それほどの力をレイが使えないからとシュウは手加減をしてくれた……、というわけでは当然なく。
シュウは、愚か者の分際で幻想師を夢見る己の立場も理解できない愚図に、地面を舐めているのがお似合いだと思い知らせるがためだけに自分に枷を嵌めた。プライドの塊のようなシュウという人間にとって、レイのような人間は目障りであった。
「幻想種としても失格、人間としても失格のお前らに、身の程を教えてやるよ」
――だがしかし、当然それも嘘。駆け引きの一つと捉えることもできた。
外から見ていたアカリはその可能性も踏まえてレイに進言しようとするも、その肝心なシュウの幻想種の姿は見当たらない。陰に隠して戦闘の最中にレイを急襲するのではないかと考えていた。
そして、それこそがシュウの幻想種の特徴で、その全身は実の親でさえも見たことがないと言う程に正体不明だと言うことはこの場の誰も知らない。それはつまり、シュウにとっては懐にもう一本のナイフを隠し持っているという、負けの二文字など過ることもない圧倒的有利の状況だった。
そして、今のレイにはそんなことに思考を割く余裕などなく、彼の発した言葉に不快感を露にするのだった。
「……もう一個追加だ。僕が勝ったら、シオに謝れ――!」
勝負事に、本当の命のやり取りを前に、始めの合図はかからない。
アカリがグリンとシオを抱いて祈る姿を横目に、レイは屈めた膝に力を込めて地面を蹴った。

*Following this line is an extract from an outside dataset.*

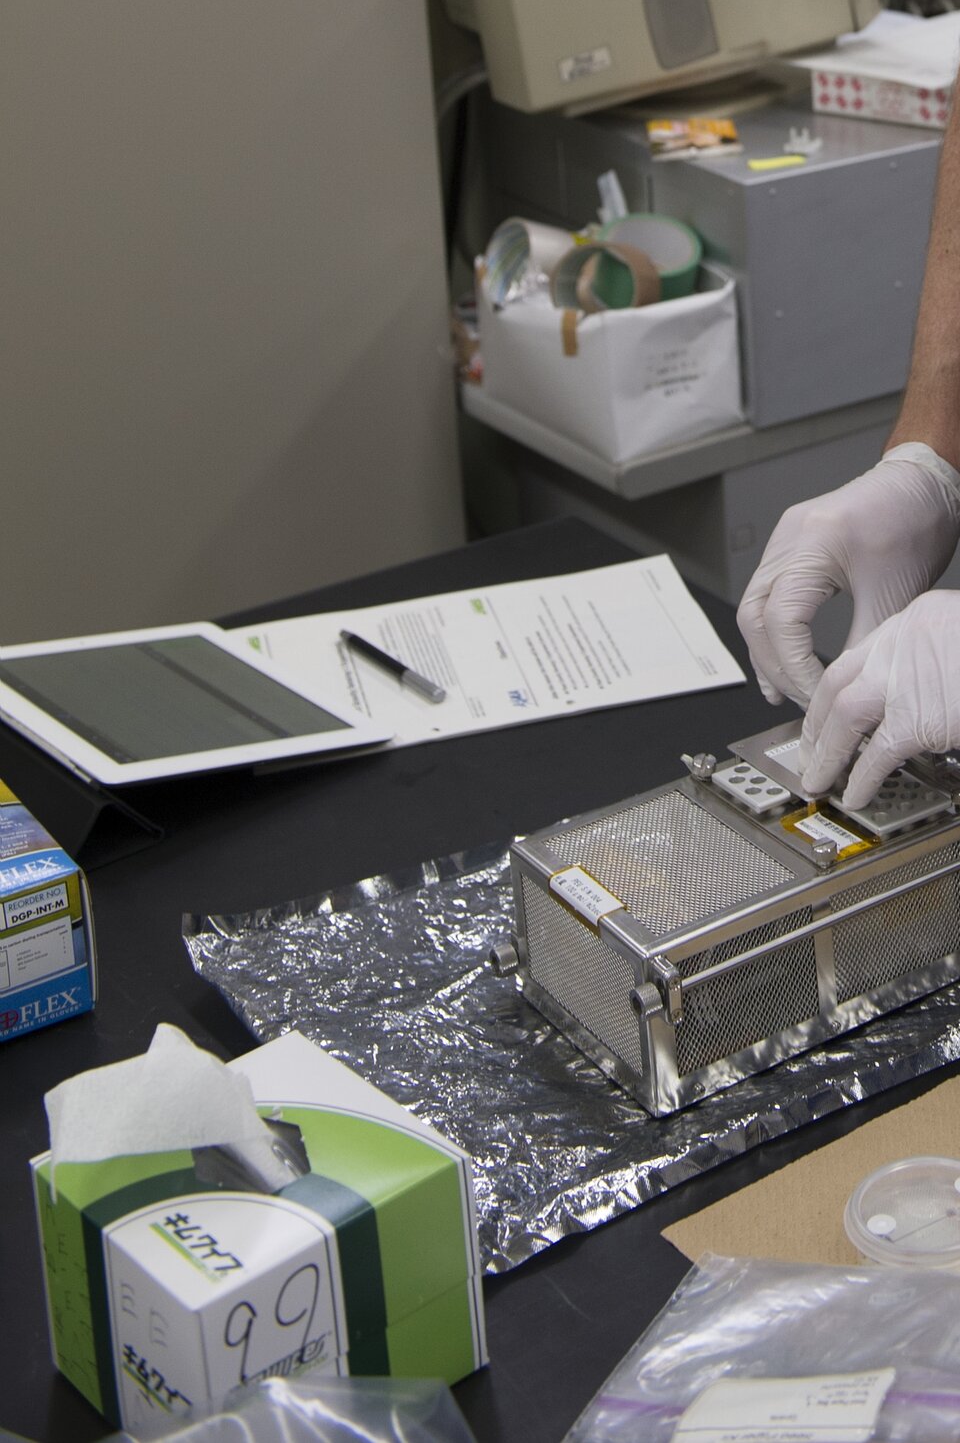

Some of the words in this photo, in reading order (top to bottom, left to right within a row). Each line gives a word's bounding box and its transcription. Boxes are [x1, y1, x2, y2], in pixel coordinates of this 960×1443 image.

[8, 893, 45, 911] REORDER
[46, 886, 64, 899] NO.
[11, 898, 65, 924] DGP-INT-M
[12, 1021, 34, 1033] NAME

型の決まりなどない、好きに剣を振り続けたレイの剣だったが、それは児戯と呼んで笑うには行き過ぎたものにまで昇華されていた。
「「「ッ!?」」」
取り巻きが息を飲む音が風に乗って届くが、それもすぐにシュウが構えた木剣とレイの打ち出した木剣がぶつかり合う甲高い音でかき消される。
競り合いになれば当然体格のアドバンテージがあるシュウに軍配が上がるため、シュウのはじき返す勢いに乗って自ら後退する。

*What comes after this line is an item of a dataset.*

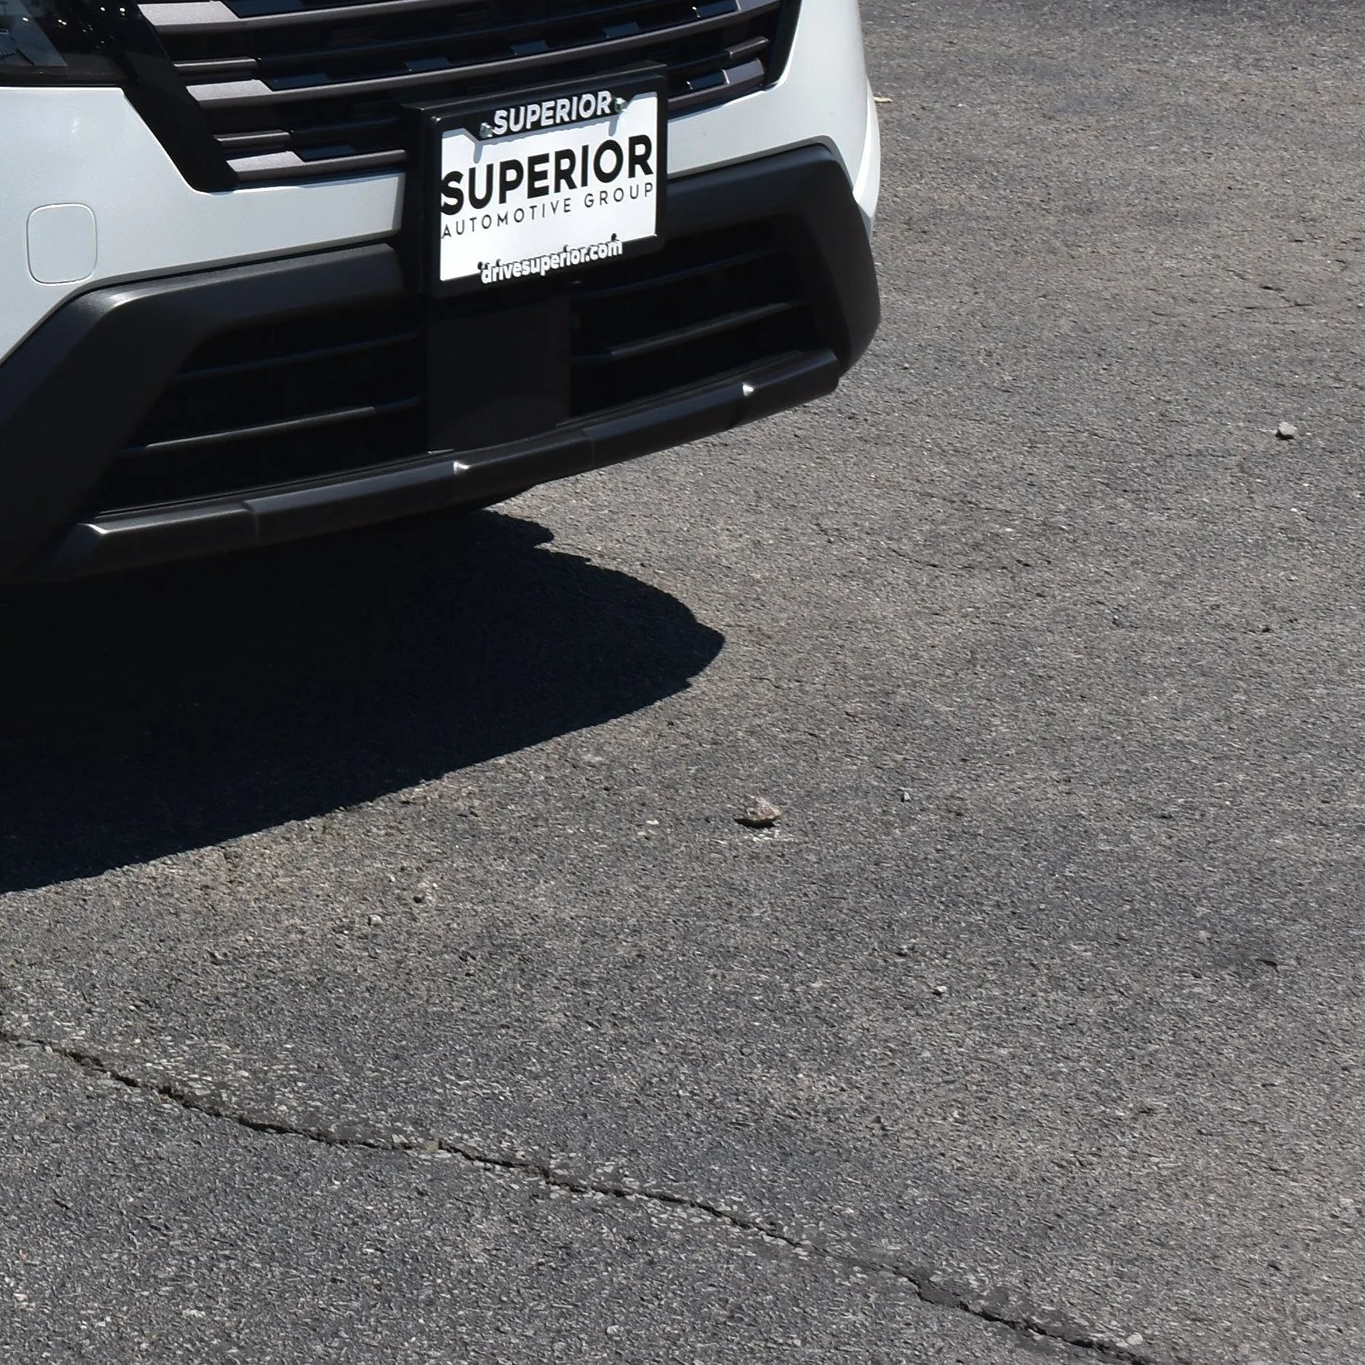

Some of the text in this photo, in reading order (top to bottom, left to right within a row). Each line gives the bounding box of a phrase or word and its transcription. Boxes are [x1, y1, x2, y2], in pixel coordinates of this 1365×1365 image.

[491, 90, 613, 135] SUPERIOR
[440, 134, 654, 216] SUPERIOR
[441, 182, 654, 239] AUTOMOTIVE GROUP
[480, 238, 624, 284] drivesuperior.com

「ハハッ、お前の努力が伝わってくる一撃だった、ぜぇっ!!」
ずっと認めてもらいたかった剣の実力。それを初めて褒めてくれたのが、いつだって自分を見下して貶してくるシュウ。その事実に、レイは怖気が走るような感覚で腕に鳥肌が立つ。
しかし、その怖気とは打って代わって「だがな」と言葉を続けるシュウの気配が変わったことに警戒する。
レイの剣を弾き返して振り切ったせいで大きく開いた脇を締め、両手で木剣を握るシュウはこれから訪れる未来を想像してニタリと笑みを浮かべた。
「俺はお前とは違って優秀なもんでな。幻想種に頼らずともある程度の竜気を扱える上に、お前の努力を鼻で笑い飛ばせるだけの才能が、俺には備わっているんだよ。見せてやるよ、幻想師に選ばれた俺の実力を。そして知れ、お前が幻想師を夢見ることなど、分不相応だったとな!!」
刹那、レイの頬を風が薙ぐ。
それが、シュウが通ったことによって生まれた一陣の風だと理解したのは、背後からの一撃を防いだ後だった。
「レイっ!?」
「――ッ、痛……!?」
「…………ハ、ま、まぐれで避けれたのか」
確実に肩口を叩き割る勢いで振った手に残るのは、ほんの微かな手応え。
訪れるはずだった未来とは異なる事態に、シュウは有り得ないとばかりに瞠目する。
シュウの目には、レイが自分の軌道を読んで振り返り、木剣を盾にしながら剣の間合いから外れるべく動いたように見えた。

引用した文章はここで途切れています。